Return each line of the records with nothing changed, pictures excepted.
=== Section Start ===
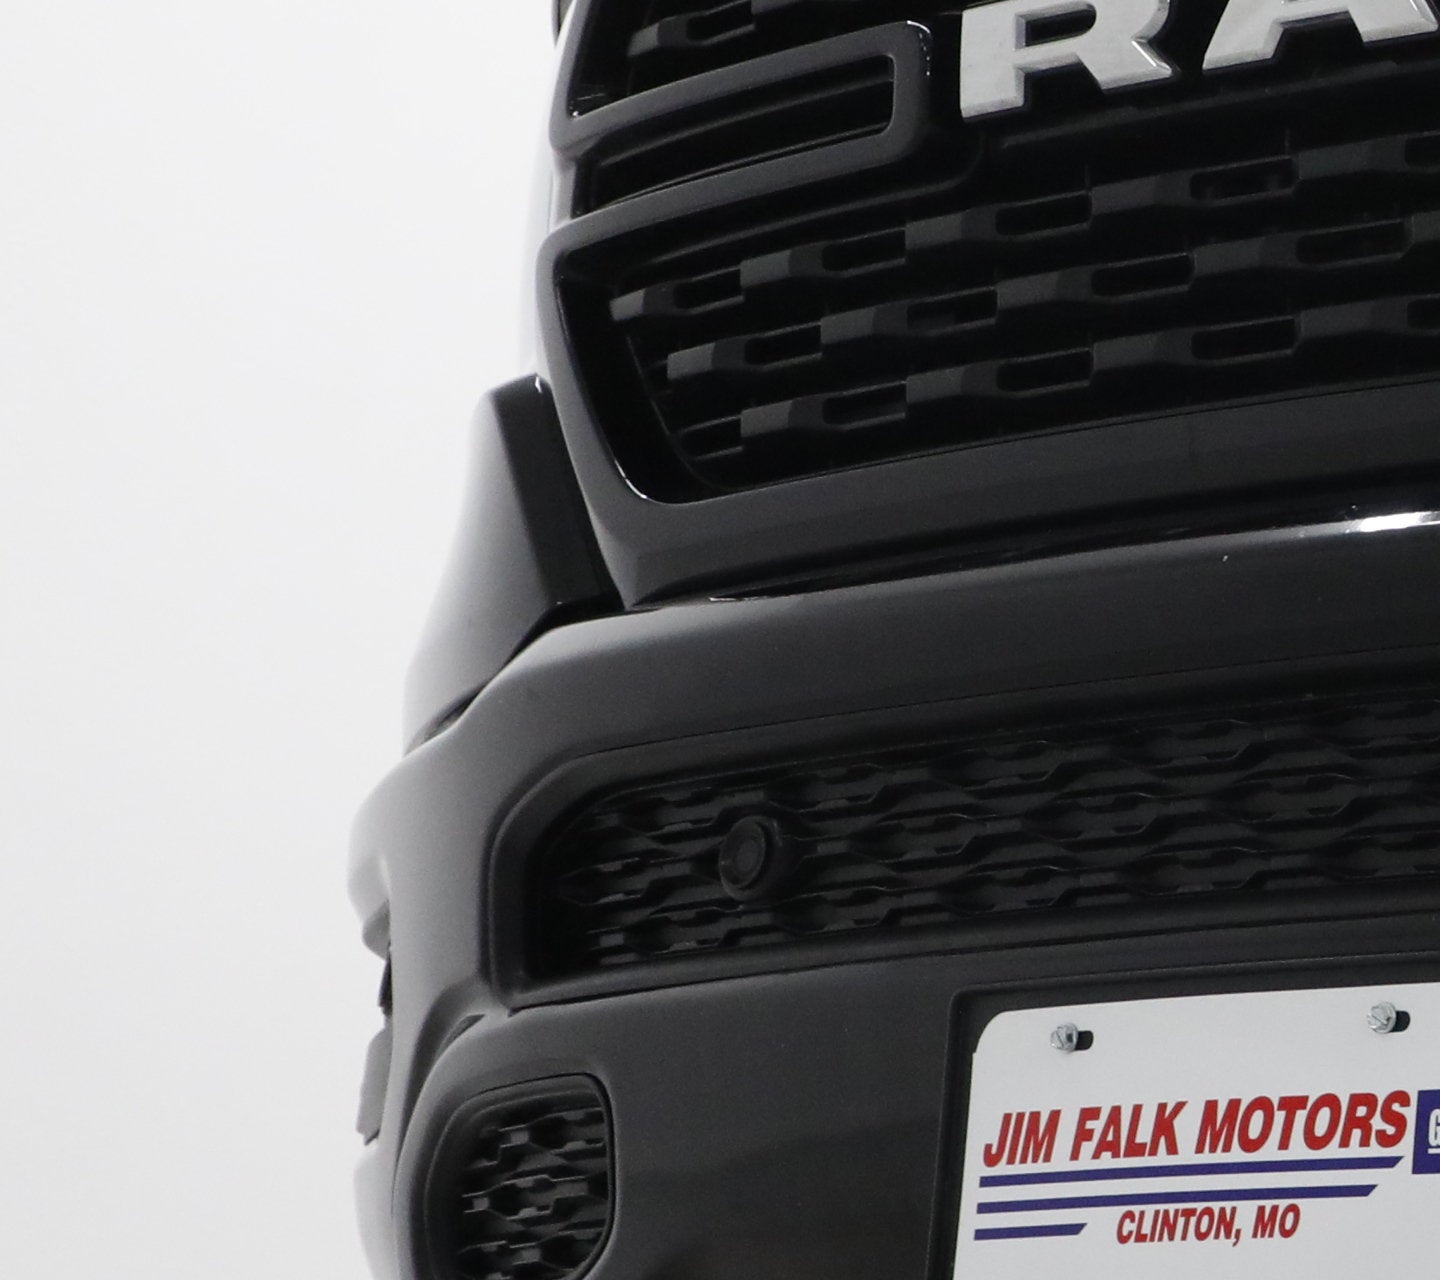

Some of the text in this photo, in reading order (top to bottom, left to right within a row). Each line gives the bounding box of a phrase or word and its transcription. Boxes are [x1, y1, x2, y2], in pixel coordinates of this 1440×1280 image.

[983, 1089, 1411, 1167] JIM FALK MOTORS
[1116, 1203, 1301, 1247] CLINTON, MO
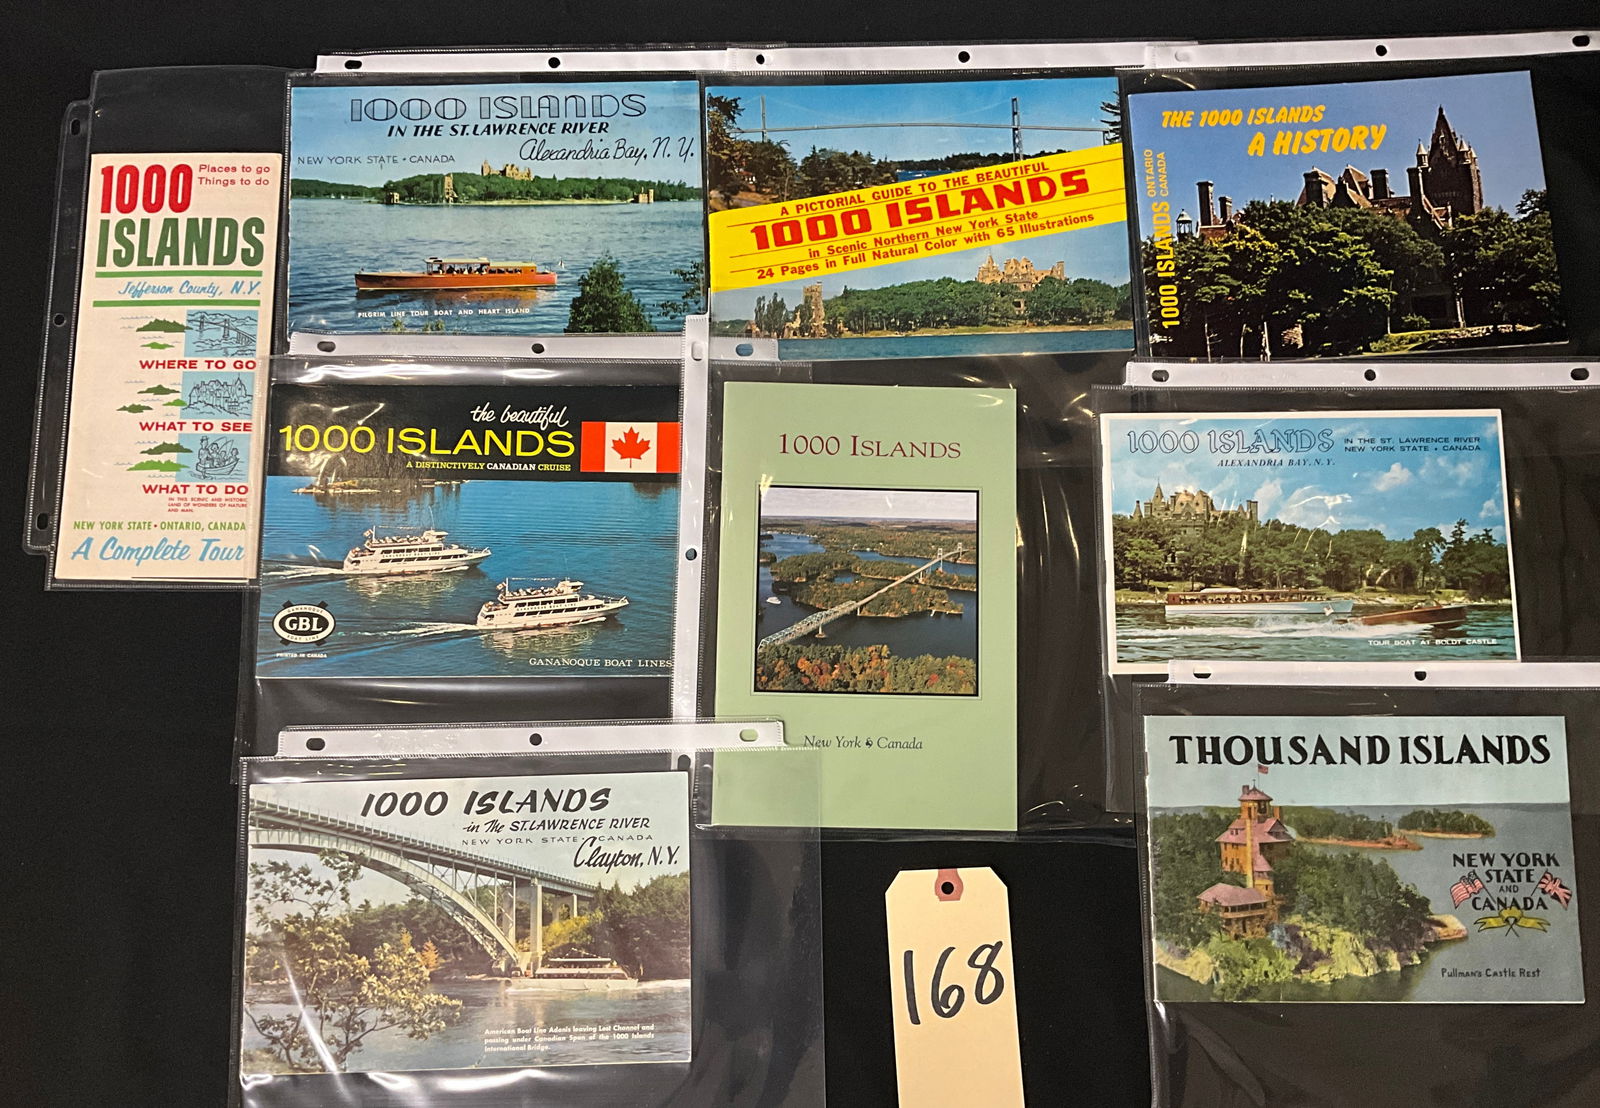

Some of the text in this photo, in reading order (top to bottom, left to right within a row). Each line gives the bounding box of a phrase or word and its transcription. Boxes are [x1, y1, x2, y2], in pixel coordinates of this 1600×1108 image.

[351, 93, 647, 122] 1000 ISLANDS
[1161, 104, 1326, 128] THE 1000 ISLANDS
[387, 121, 610, 137] IN THE RIVER
[1247, 123, 1387, 156] A HISTORY
[297, 154, 455, 165] NEW YORK STATE CANADA
[519, 138, 648, 165] Alexandria Bay,
[199, 164, 271, 175] Places to go
[1143, 149, 1156, 197] ONTARIO
[1157, 152, 1169, 197] CANADA
[100, 164, 193, 214] 1000
[198, 176, 270, 187] Things to do
[780, 162, 1049, 216] A PICTORIAL GUIDE TO THE BEAUTIFUL
[750, 169, 1089, 250] 1000 ISLANDS
[96, 217, 264, 267] ISLANDS
[808, 210, 1038, 258] in Scenic Northern New York State
[756, 213, 1094, 279] 24 Pages in Full Natural Color with 65 Illustrations
[1152, 201, 1180, 329] 1000 ISLANDS
[118, 281, 173, 298] Jefferson
[179, 280, 223, 298] County,
[139, 359, 257, 370] WHERE TO GO
[139, 421, 253, 432] WHAT TO SEE
[470, 402, 569, 431] the beautiful
[279, 424, 575, 457] 1000 ISLANDS
[779, 433, 840, 456] 1000
[1127, 428, 1335, 454] 1000 ISLANDS
[415, 461, 485, 470] DISTINCTIVELY
[486, 462, 536, 471] CANADIAN
[538, 463, 571, 471] CRUISE
[1217, 459, 1283, 467] ALEXANDRIA
[142, 484, 249, 495] WHAT TO DO
[73, 521, 246, 532] NEW YORK STATE ONTARIO, CANADA
[70, 535, 246, 567] A Complete Tour
[284, 616, 323, 632] GBL
[529, 657, 673, 667] GANANOQUE BOAT LINES
[803, 735, 923, 749] New York Canada
[1168, 734, 1551, 766] THOUSAND ISLANDS
[360, 787, 612, 817] 1000 ISLANDS
[483, 817, 650, 833] The RIVER
[462, 838, 491, 846] NEW
[496, 837, 533, 845] YORK
[598, 834, 653, 842] CANADA
[573, 836, 644, 874] Clayton,
[1452, 852, 1560, 867] NEW YORK
[1485, 868, 1535, 883] STATE
[1498, 884, 1519, 893] AND
[1471, 896, 1549, 911] CANADA
[903, 940, 1005, 1025] 168
[484, 1044, 526, 1052] International
[569, 1034, 586, 1042] Span
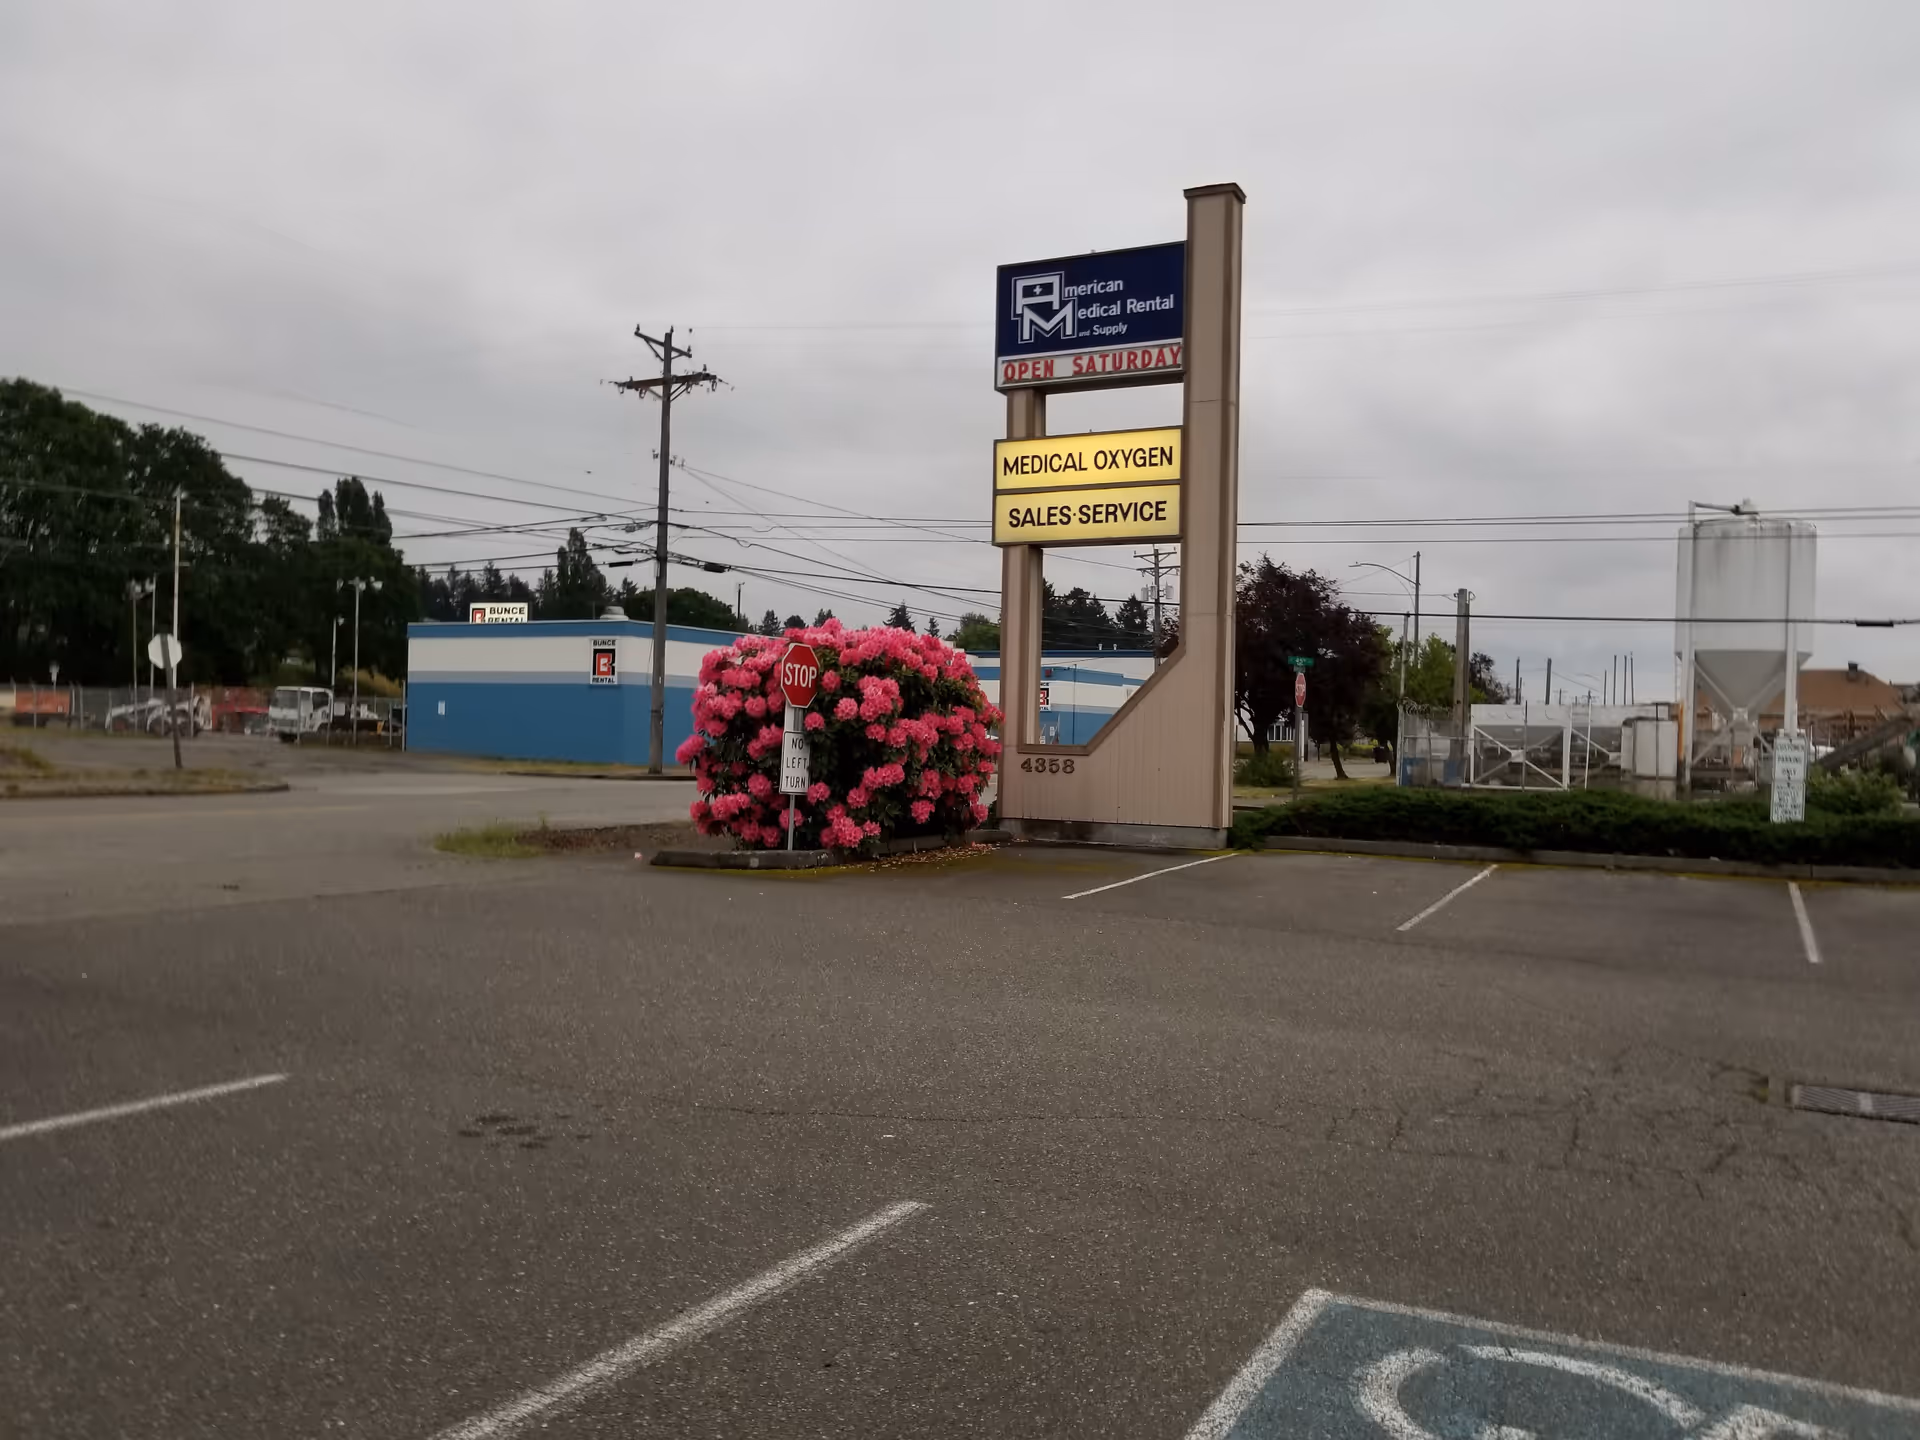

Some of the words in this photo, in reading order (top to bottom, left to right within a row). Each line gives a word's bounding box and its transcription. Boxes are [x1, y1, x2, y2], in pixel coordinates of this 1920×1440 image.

[1126, 294, 1174, 314] Rental
[1092, 322, 1128, 336] Supply
[1004, 359, 1055, 381] OPEN
[1072, 345, 1182, 375] SATURDAY
[1003, 451, 1088, 476] MEDICAL
[1094, 446, 1174, 469] OXYGEN
[489, 606, 525, 615] BUNCE
[784, 662, 818, 688] STOP
[791, 738, 804, 750] NO
[786, 757, 808, 769] LEFT
[1020, 757, 1075, 774] 4358
[785, 776, 806, 788] TURN
=== Section End ===
▶ [Your response]
Some of the text in this photo, in reading order (top to bottom, left to right within a row). Each line gives the bounding box of a phrase or word and its transcription. Boxes are [x1, y1, x2, y2], in pixel coordinates of this 1440×1280 image.

[983, 1089, 1411, 1167] JIM FALK MOTORS
[1116, 1203, 1301, 1247] CLINTON, MO

Some of the text in this photo, in reading order (top to bottom, left to right within a row). Each line gives the bounding box of a phrase or word and its transcription. Boxes are [x1, y1, x2, y2], in pixel coordinates of this 1600×1108 image.

[351, 93, 647, 122] 1000 ISLANDS
[1161, 104, 1326, 128] THE 1000 ISLANDS
[387, 121, 610, 137] IN THE RIVER
[1247, 123, 1387, 156] A HISTORY
[297, 154, 455, 165] NEW YORK STATE CANADA
[519, 138, 648, 165] Alexandria Bay,
[199, 164, 271, 175] Places to go
[1143, 149, 1156, 197] ONTARIO
[1157, 152, 1169, 197] CANADA
[100, 164, 193, 214] 1000
[198, 176, 270, 187] Things to do
[780, 162, 1049, 216] A PICTORIAL GUIDE TO THE BEAUTIFUL
[750, 169, 1089, 250] 1000 ISLANDS
[96, 217, 264, 267] ISLANDS
[808, 210, 1038, 258] in Scenic Northern New York State
[756, 213, 1094, 279] 24 Pages in Full Natural Color with 65 Illustrations
[1152, 201, 1180, 329] 1000 ISLANDS
[118, 281, 173, 298] Jefferson
[179, 280, 223, 298] County,
[139, 359, 257, 370] WHERE TO GO
[139, 421, 253, 432] WHAT TO SEE
[470, 402, 569, 431] the beautiful
[279, 424, 575, 457] 1000 ISLANDS
[779, 433, 840, 456] 1000
[1127, 428, 1335, 454] 1000 ISLANDS
[415, 461, 485, 470] DISTINCTIVELY
[486, 462, 536, 471] CANADIAN
[538, 463, 571, 471] CRUISE
[1217, 459, 1283, 467] ALEXANDRIA
[142, 484, 249, 495] WHAT TO DO
[73, 521, 246, 532] NEW YORK STATE ONTARIO, CANADA
[70, 535, 246, 567] A Complete Tour
[284, 616, 323, 632] GBL
[529, 657, 673, 667] GANANOQUE BOAT LINES
[803, 735, 923, 749] New York Canada
[1168, 734, 1551, 766] THOUSAND ISLANDS
[360, 787, 612, 817] 1000 ISLANDS
[483, 817, 650, 833] The RIVER
[462, 838, 491, 846] NEW
[496, 837, 533, 845] YORK
[598, 834, 653, 842] CANADA
[573, 836, 644, 874] Clayton,
[1452, 852, 1560, 867] NEW YORK
[1485, 868, 1535, 883] STATE
[1498, 884, 1519, 893] AND
[1471, 896, 1549, 911] CANADA
[903, 940, 1005, 1025] 168
[484, 1044, 526, 1052] International
[569, 1034, 586, 1042] Span

Some of the words in this photo, in reading order (top to bottom, left to right within a row). Each line gives a word's bounding box and its transcription. Boxes are [x1, y1, x2, y2], in pixel coordinates of this 1920×1440 image.

[1126, 294, 1174, 314] Rental
[1092, 322, 1128, 336] Supply
[1004, 359, 1055, 381] OPEN
[1072, 345, 1182, 375] SATURDAY
[1003, 451, 1088, 476] MEDICAL
[1094, 446, 1174, 469] OXYGEN
[489, 606, 525, 615] BUNCE
[784, 662, 818, 688] STOP
[791, 738, 804, 750] NO
[786, 757, 808, 769] LEFT
[1020, 757, 1075, 774] 4358
[785, 776, 806, 788] TURN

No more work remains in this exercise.